**What is required:** Take the listing below and output it exactly, with no images.
* * * * *
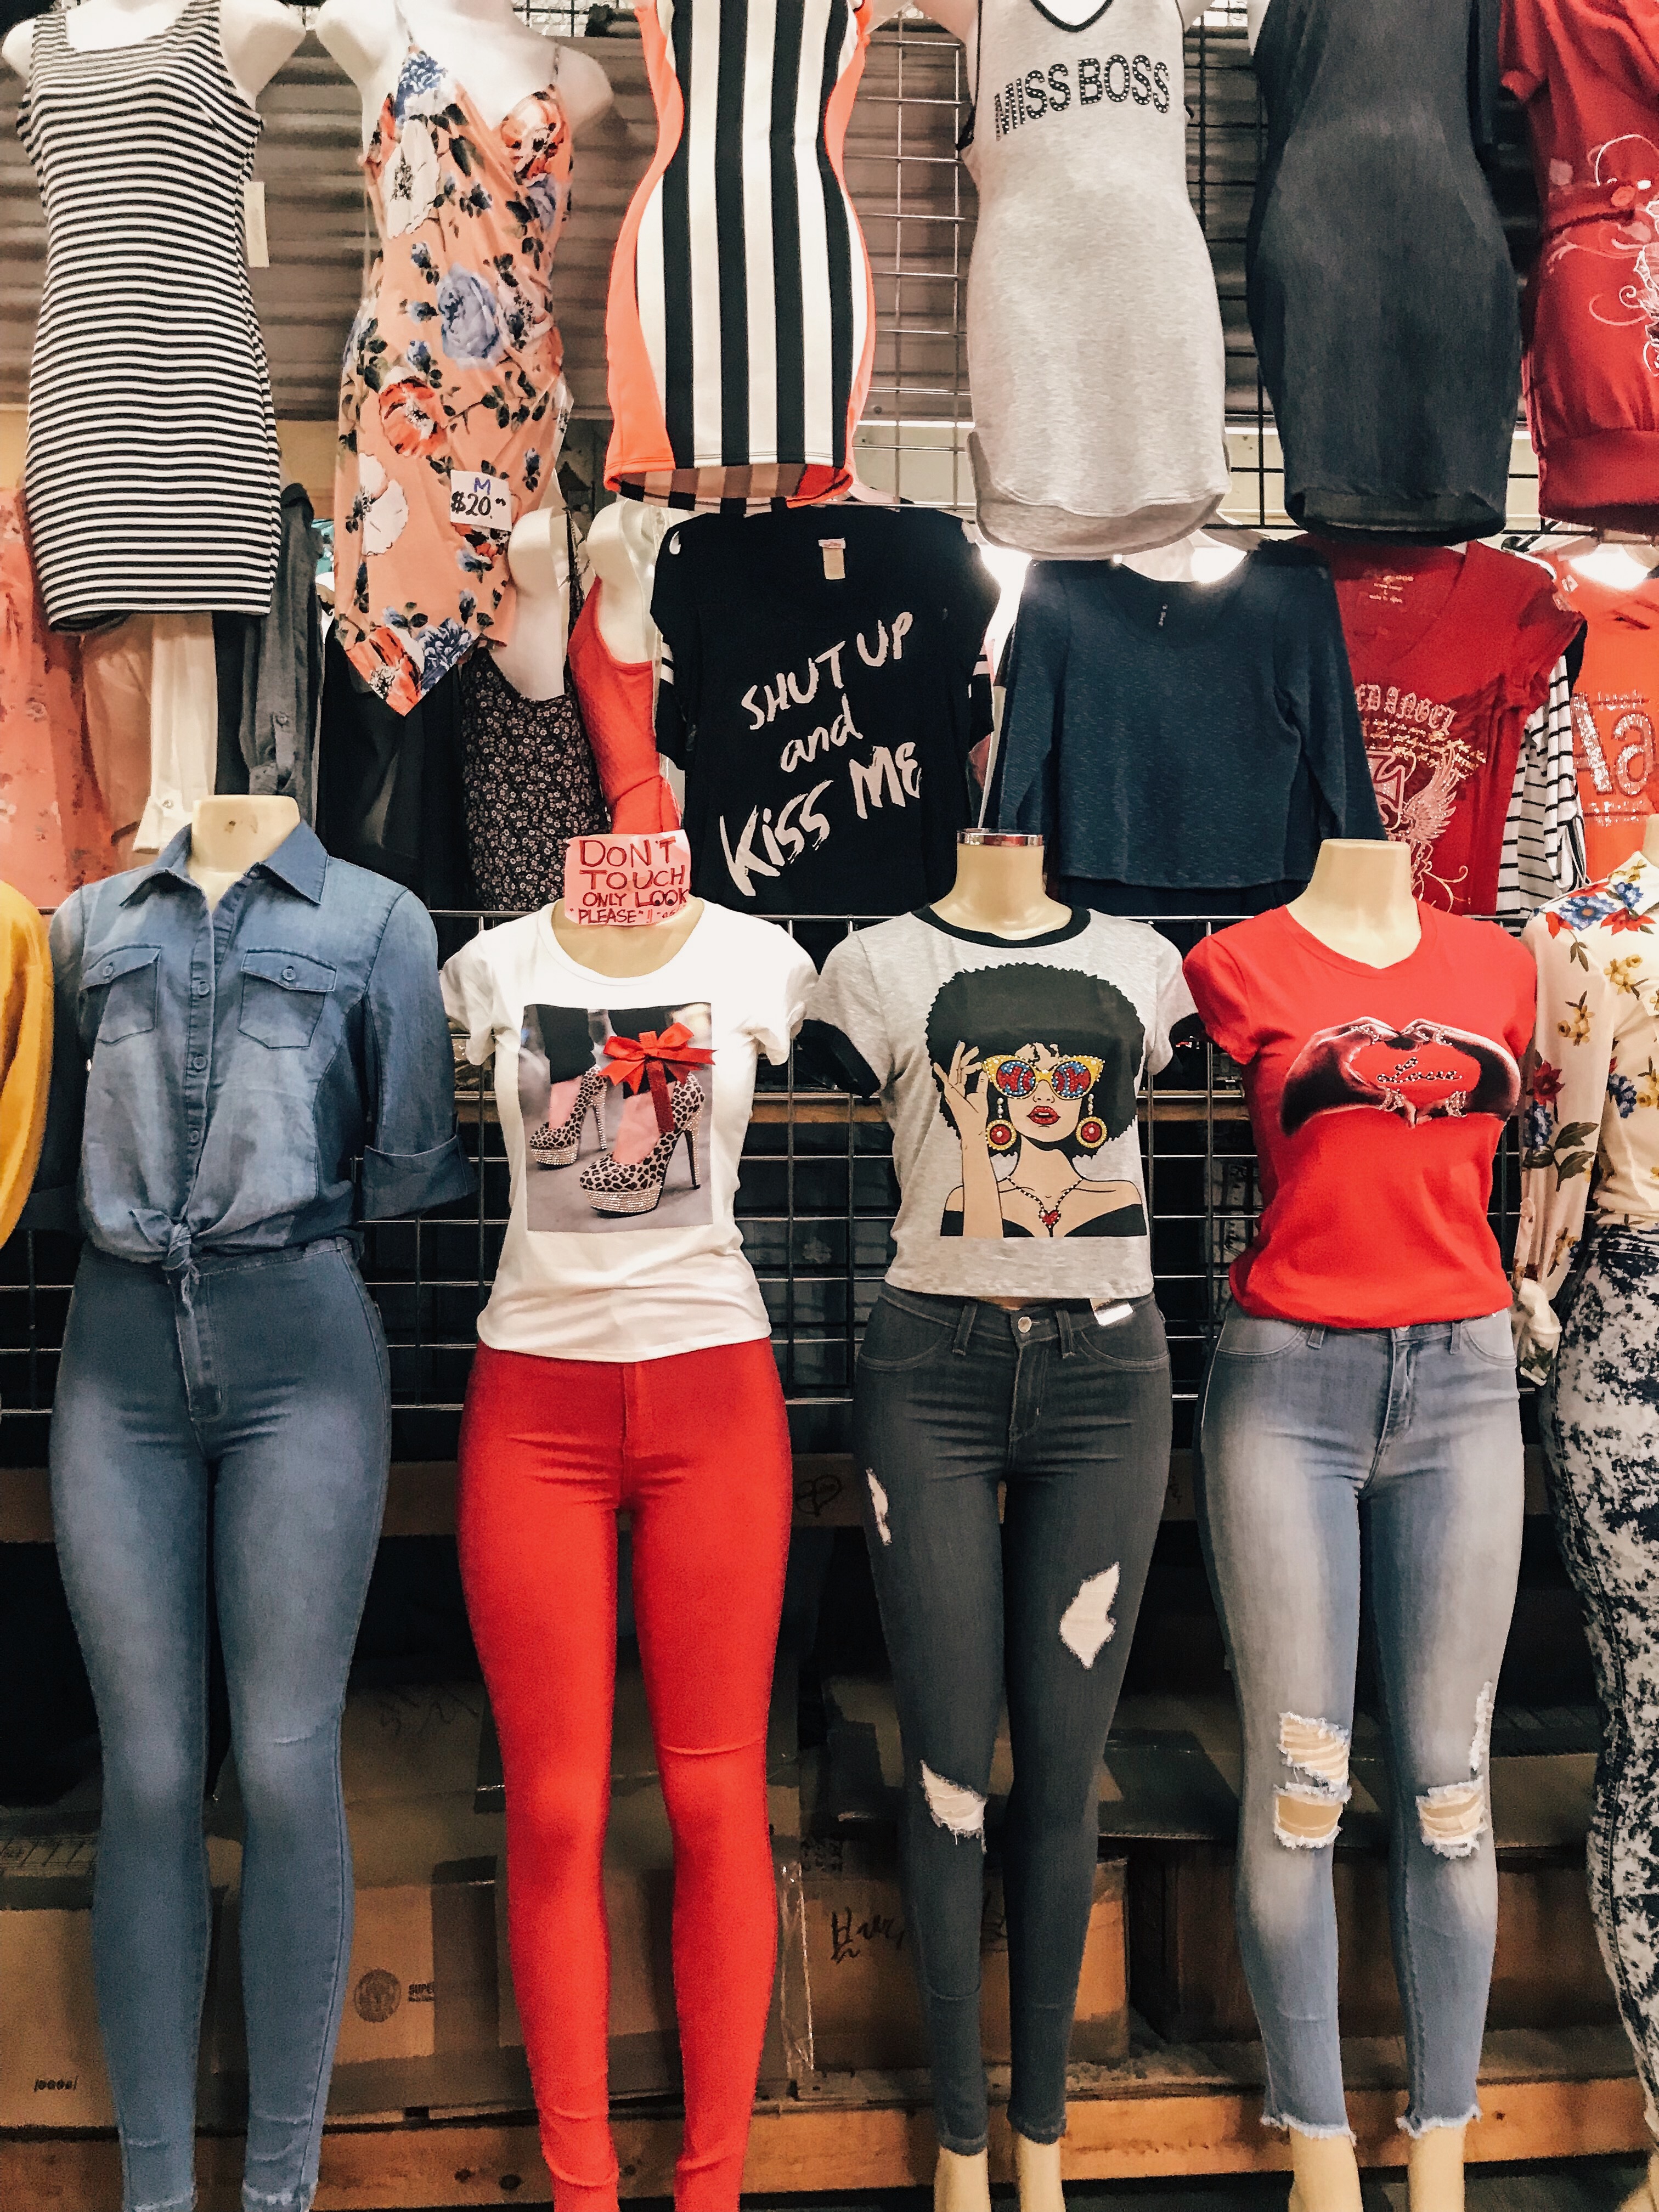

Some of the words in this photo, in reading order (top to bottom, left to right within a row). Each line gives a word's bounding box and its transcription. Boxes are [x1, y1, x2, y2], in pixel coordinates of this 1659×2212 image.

[994, 63, 1071, 142] MISS
[1077, 53, 1170, 114] BOSS
[473, 477, 491, 495] M
[741, 640, 845, 731] SHUT
[856, 611, 914, 668] UP
[779, 693, 864, 773] and
[849, 742, 922, 820] ME
[579, 836, 676, 868] DON'T
[579, 865, 686, 890] TOUCH
[583, 891, 627, 907] ONLY
[635, 888, 690, 908] LOOK
[1376, 1055, 1463, 1084] Love
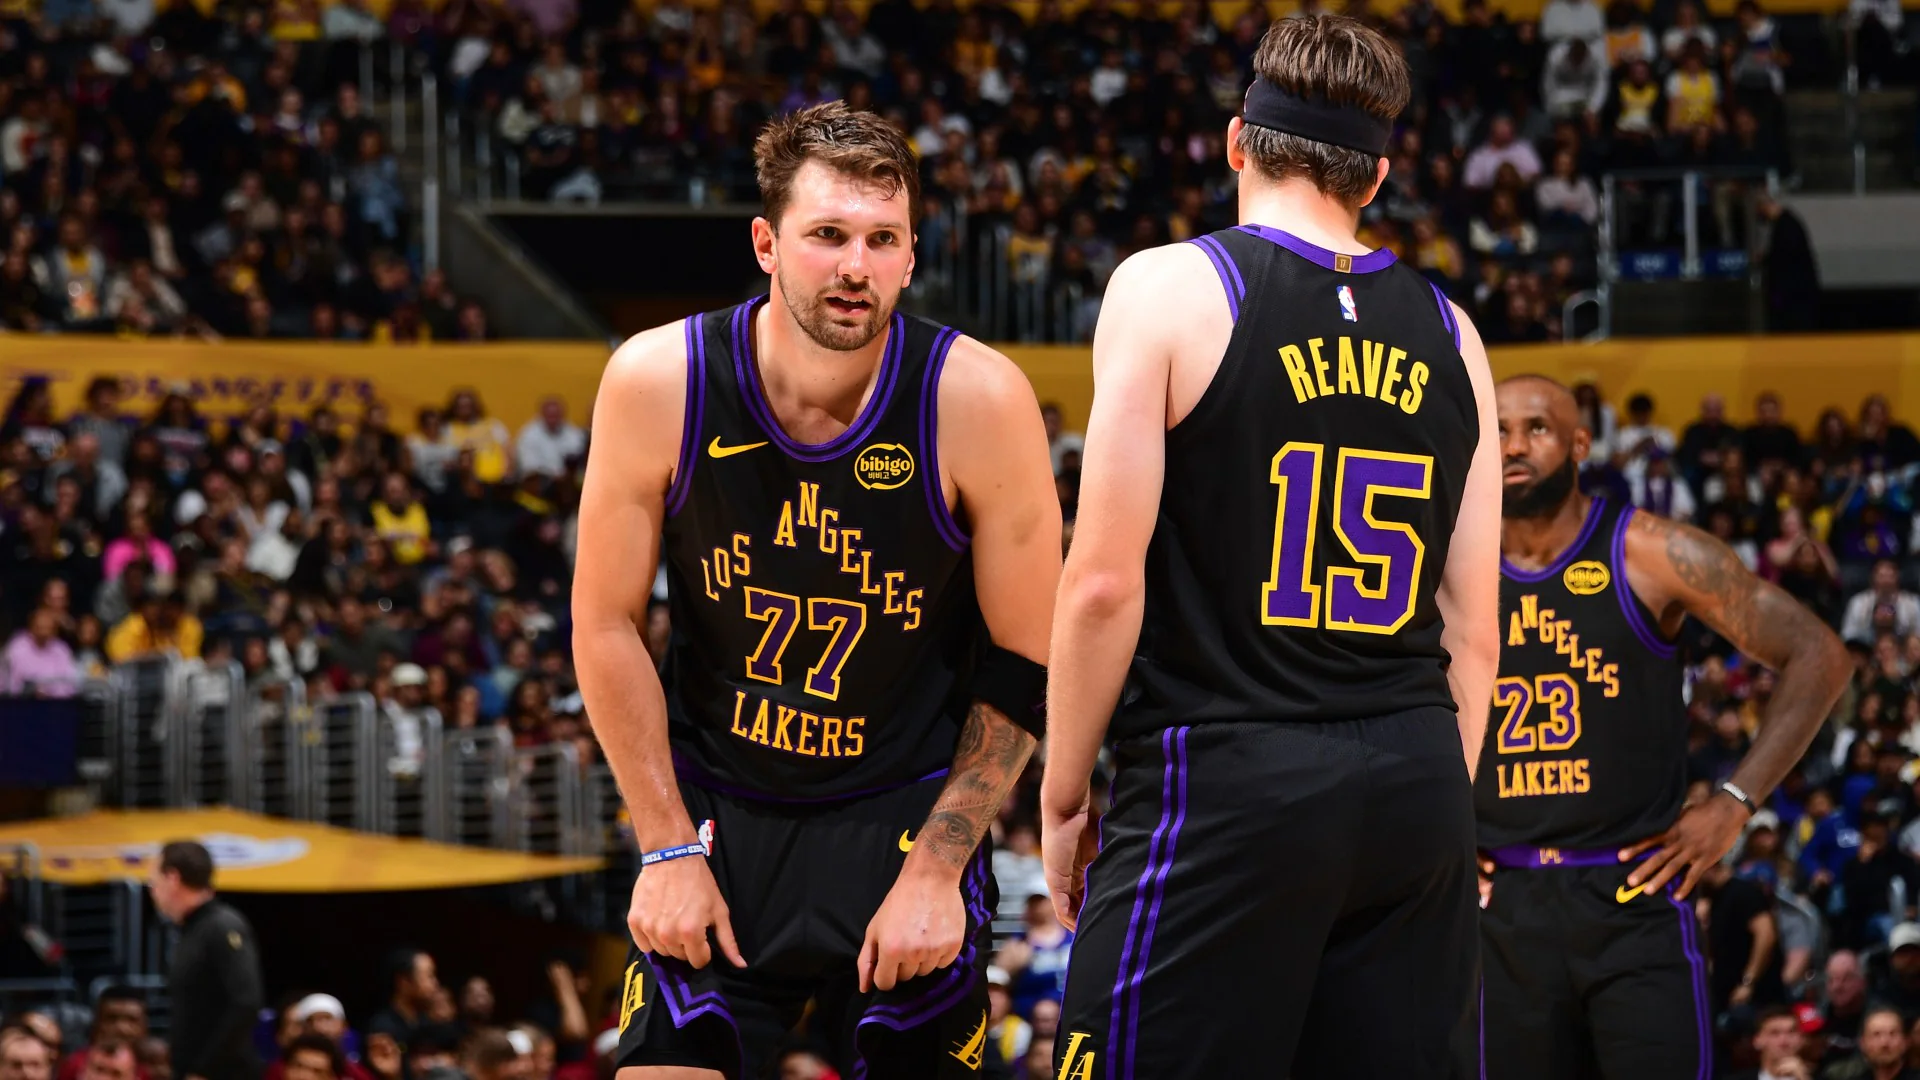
* * * * *
**Response box:**
Some of the words in this photo, in reading order (top to bottom, left to right within a row). Each line gives a word's bounding box and its transcription. Boxes are [x1, y1, x2, y2], in pixel coordinates of this 1659×2212 image.

[994, 63, 1071, 142] MISS
[1077, 53, 1170, 114] BOSS
[473, 477, 491, 495] M
[741, 640, 845, 731] SHUT
[856, 611, 914, 668] UP
[779, 693, 864, 773] and
[849, 742, 922, 820] ME
[579, 836, 676, 868] DON'T
[579, 865, 686, 890] TOUCH
[583, 891, 627, 907] ONLY
[635, 888, 690, 908] LOOK
[1376, 1055, 1463, 1084] Love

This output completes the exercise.